» YOUR ASSIGNMENT: What you give back must match the data exactly, minus the pictures.

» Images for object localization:
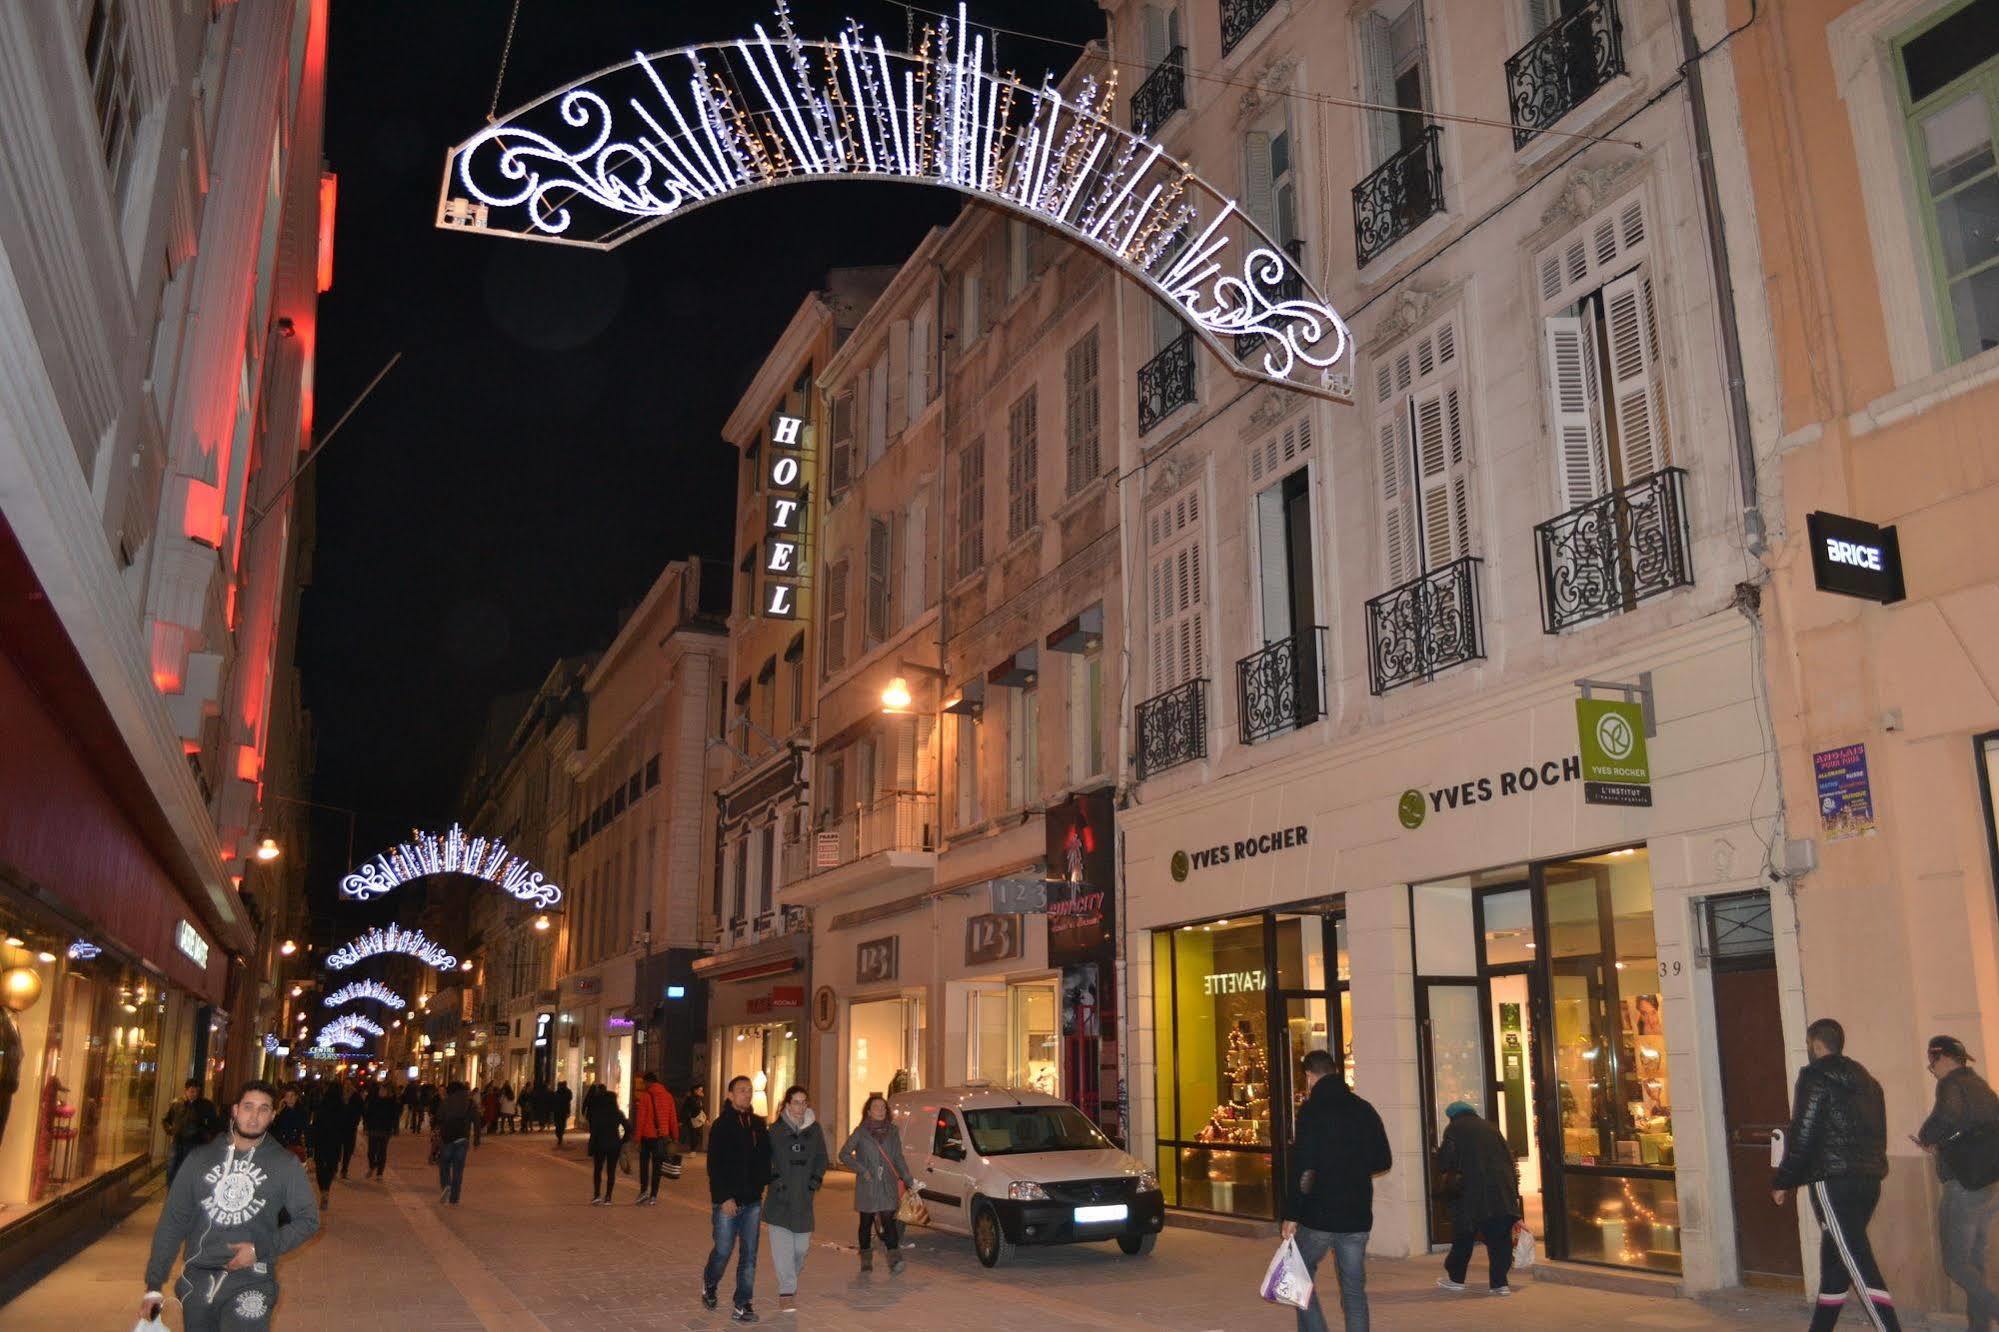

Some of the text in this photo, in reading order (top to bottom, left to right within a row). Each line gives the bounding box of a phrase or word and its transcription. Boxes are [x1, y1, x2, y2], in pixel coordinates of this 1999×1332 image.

[768, 416, 802, 615] HOTEL
[1826, 538, 1882, 571] BRICE
[1592, 765, 1647, 778] YVES ROCHER
[1429, 778, 1493, 812] YVES
[1601, 787, 1641, 797] L'INSTITUT
[1191, 825, 1308, 870] YVES ROCHER
[973, 917, 1011, 959] 123
[861, 944, 889, 978] 123
[1660, 960, 1681, 977] 39
[201, 1196, 266, 1225] MARSHALL

» REPLY TO THE TASK:
Some of the text in this photo, in reading order (top to bottom, left to right within a row). Each line gives the bounding box of a phrase or word and its transcription. Boxes are [x1, y1, x2, y2], in pixel coordinates of this 1999×1332 image.

[768, 416, 802, 615] HOTEL
[1826, 538, 1882, 571] BRICE
[1592, 765, 1647, 778] YVES ROCHER
[1429, 778, 1493, 812] YVES
[1601, 787, 1641, 797] L'INSTITUT
[1191, 825, 1308, 870] YVES ROCHER
[973, 917, 1011, 959] 123
[861, 944, 889, 978] 123
[1660, 960, 1681, 977] 39
[201, 1196, 266, 1225] MARSHALL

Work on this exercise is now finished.